[Saved data entries]
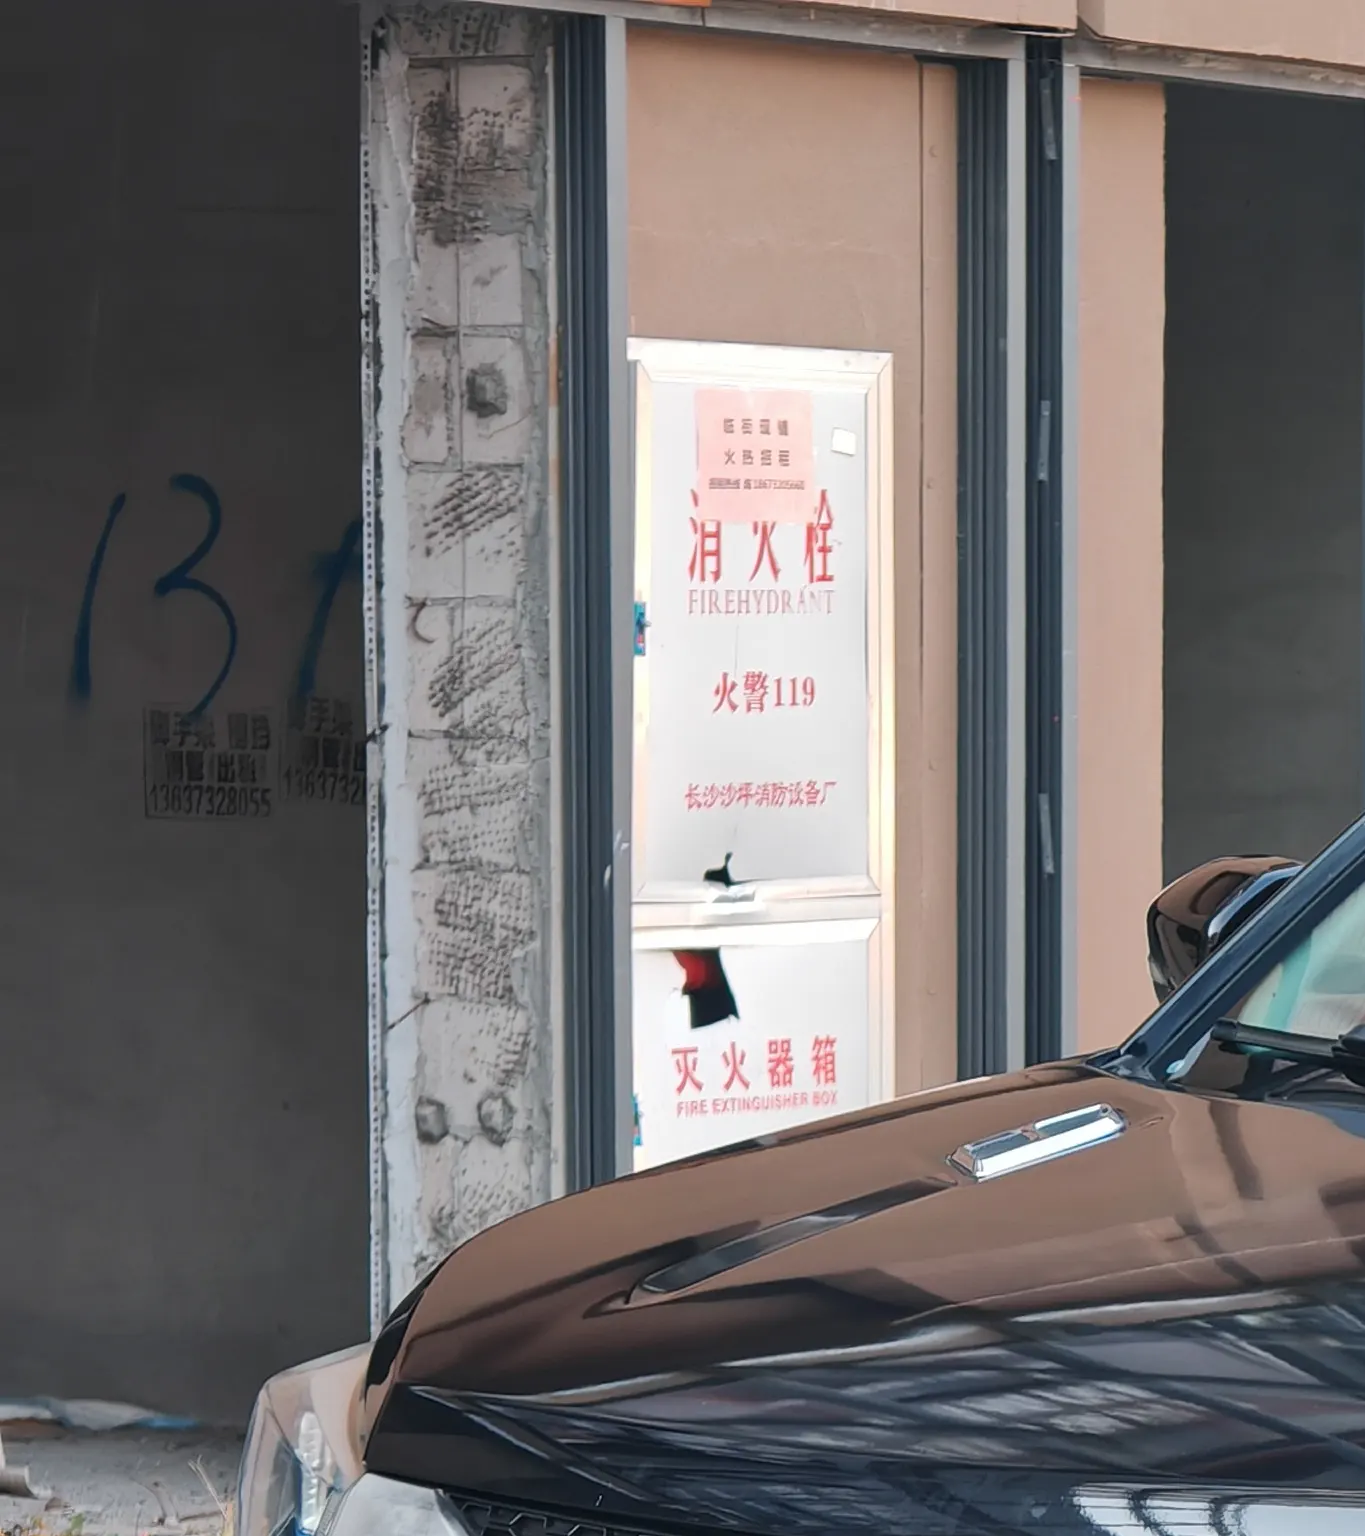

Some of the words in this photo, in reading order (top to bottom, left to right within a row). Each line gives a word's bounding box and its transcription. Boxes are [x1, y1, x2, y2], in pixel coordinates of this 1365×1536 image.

[712, 670, 816, 714] 火警119
[670, 1034, 838, 1095] 灭火器箱
[676, 1100, 708, 1118] FIRE
[711, 1092, 809, 1115] EXTINGUISHER
[812, 1090, 838, 1106] BOX

_What is required_: Return every entry above exactly as written, with no pictures included.

_Answer to this problem_:
Some of the words in this photo, in reading order (top to bottom, left to right within a row). Each line gives a word's bounding box and its transcription. Boxes are [x1, y1, x2, y2], in pixel coordinates of this 1365×1536 image.

[712, 670, 816, 714] 火警119
[670, 1034, 838, 1095] 灭火器箱
[676, 1100, 708, 1118] FIRE
[711, 1092, 809, 1115] EXTINGUISHER
[812, 1090, 838, 1106] BOX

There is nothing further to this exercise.